BEGIN
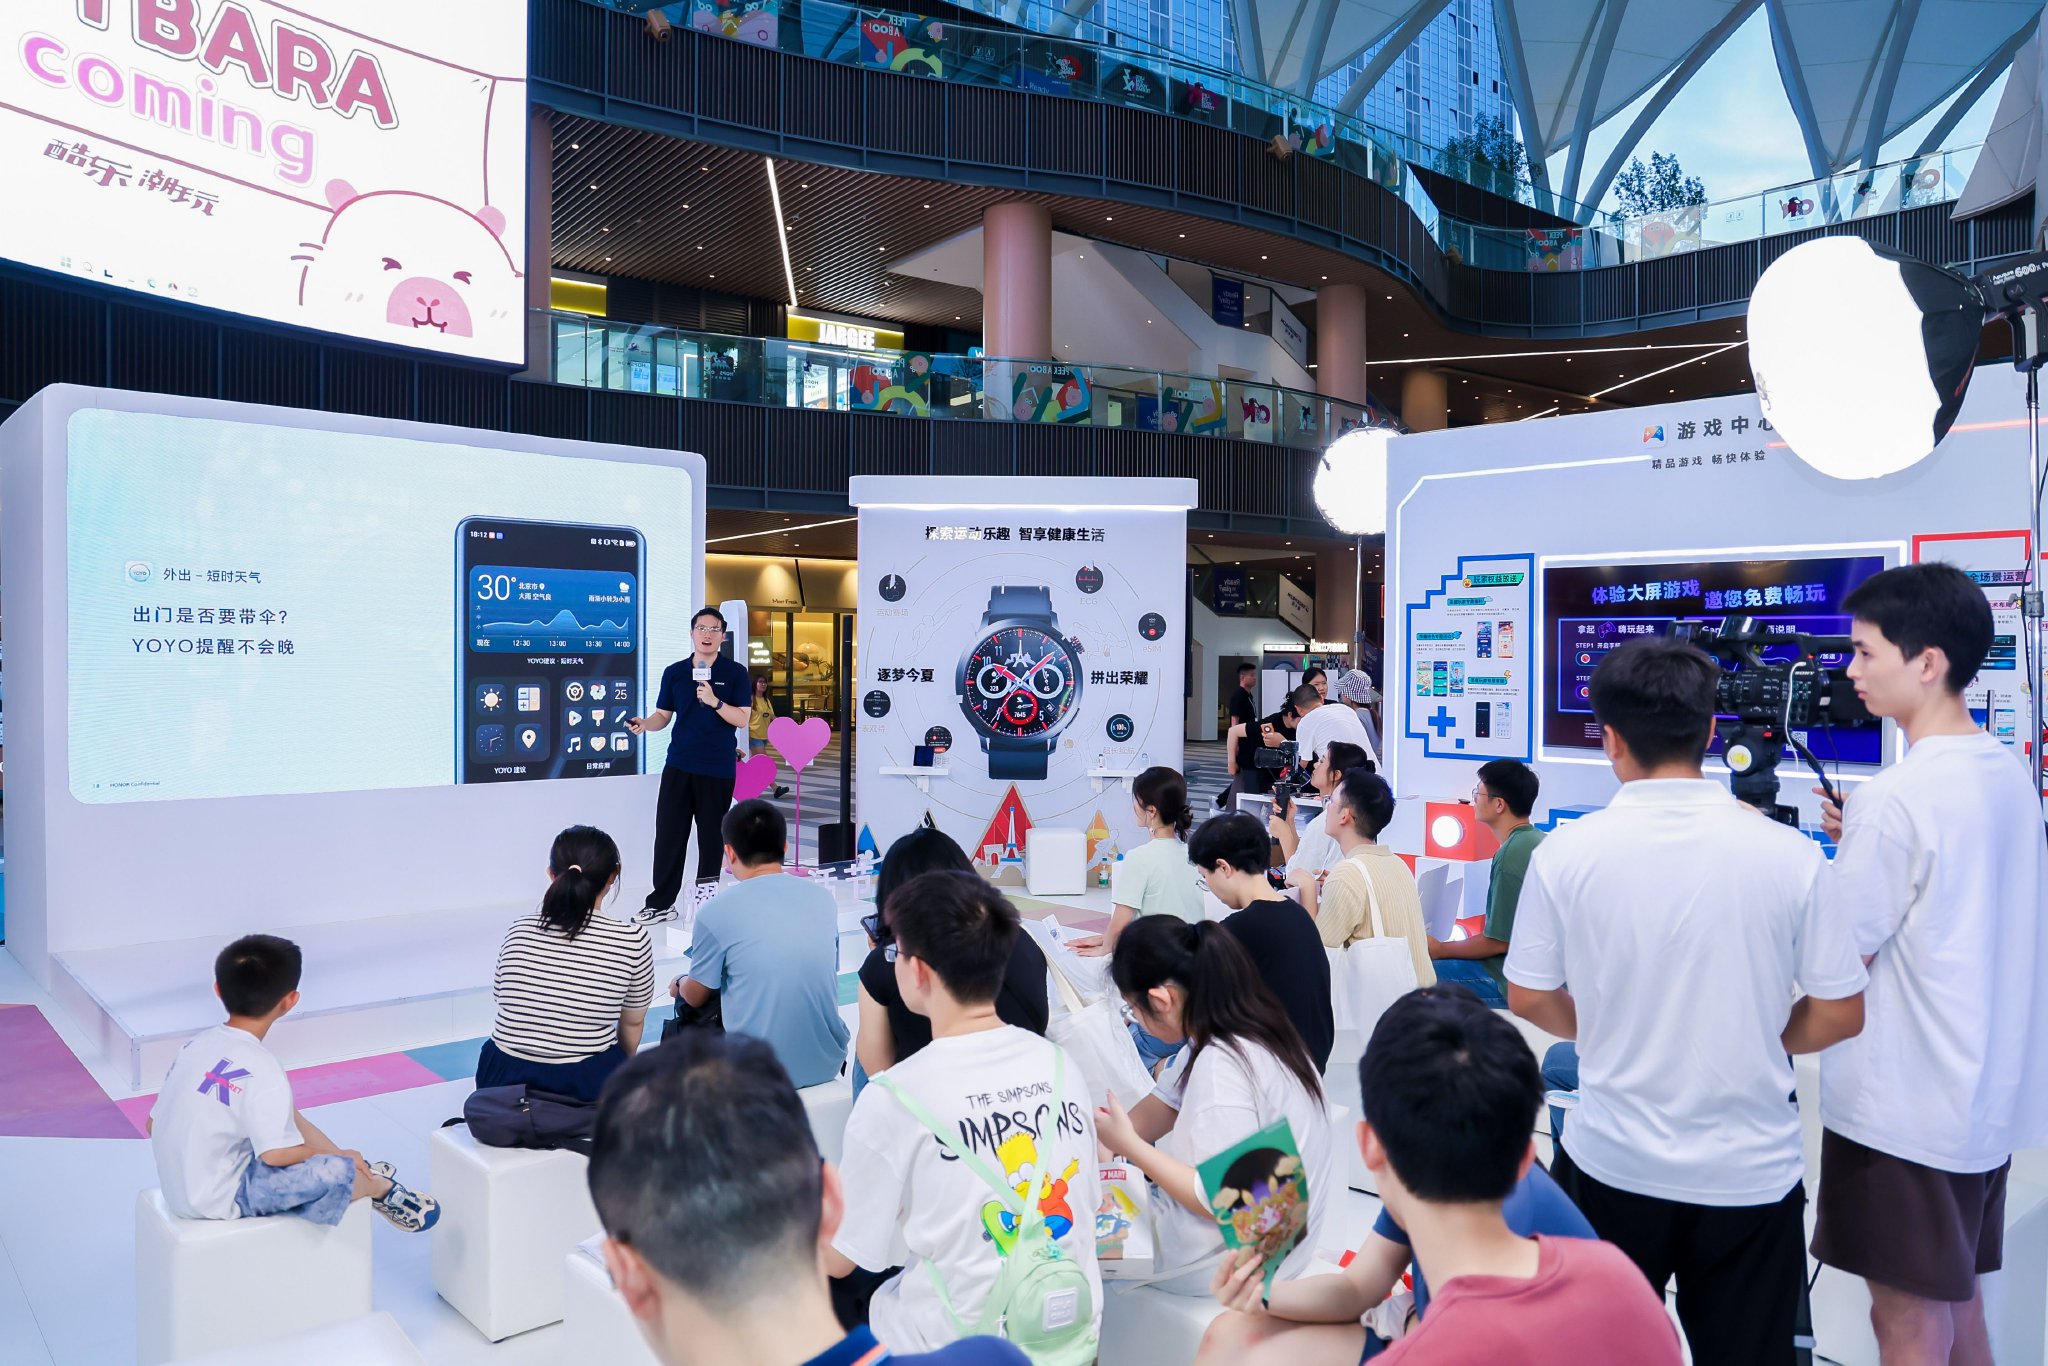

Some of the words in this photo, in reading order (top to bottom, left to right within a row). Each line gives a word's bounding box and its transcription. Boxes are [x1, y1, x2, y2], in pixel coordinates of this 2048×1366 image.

[78, 0, 398, 129] BARA
[22, 34, 316, 186] coming
[1652, 455, 1703, 469] 精品游戏
[1712, 449, 1766, 465] 畅快体验
[925, 525, 1010, 541] 探索运动乐趣
[1018, 526, 1105, 542] 智享健康生活
[163, 568, 192, 581] 外出
[207, 569, 262, 584] 短时天气
[1080, 597, 1098, 605] ECG
[1592, 579, 1700, 604] 体验大屏游戏
[1705, 583, 1826, 609] 邀您免费畅玩
[133, 606, 288, 625] 出门是否要带伞?
[1578, 625, 1595, 634] 拿起
[1618, 625, 1654, 634] 嗨玩起来
[132, 638, 295, 656] YOYO提醒不会晚
[513, 639, 531, 647] 12:30
[585, 640, 602, 648] 13:30
[614, 640, 631, 648] 14:00
[877, 667, 935, 683] 逐梦今夏
[1090, 670, 1149, 685] 拼出荣耀
[614, 689, 628, 700] 25
[965, 1093, 992, 1109] THE
[997, 1081, 1053, 1103] SIMPSONS
[1108, 1170, 1126, 1180] MART
END
Everything in the records above must be restated verbatim, save for the pictures.

The answer —
Some of the words in this photo, in reading order (top to bottom, left to right within a row). Each line gives a word's bounding box and its transcription. Boxes are [x1, y1, x2, y2], in pixel coordinates of this 2048×1366 image.

[78, 0, 398, 129] BARA
[22, 34, 316, 186] coming
[1652, 455, 1703, 469] 精品游戏
[1712, 449, 1766, 465] 畅快体验
[925, 525, 1010, 541] 探索运动乐趣
[1018, 526, 1105, 542] 智享健康生活
[163, 568, 192, 581] 外出
[207, 569, 262, 584] 短时天气
[1080, 597, 1098, 605] ECG
[1592, 579, 1700, 604] 体验大屏游戏
[1705, 583, 1826, 609] 邀您免费畅玩
[133, 606, 288, 625] 出门是否要带伞?
[1578, 625, 1595, 634] 拿起
[1618, 625, 1654, 634] 嗨玩起来
[132, 638, 295, 656] YOYO提醒不会晚
[513, 639, 531, 647] 12:30
[585, 640, 602, 648] 13:30
[614, 640, 631, 648] 14:00
[877, 667, 935, 683] 逐梦今夏
[1090, 670, 1149, 685] 拼出荣耀
[614, 689, 628, 700] 25
[965, 1093, 992, 1109] THE
[997, 1081, 1053, 1103] SIMPSONS
[1108, 1170, 1126, 1180] MART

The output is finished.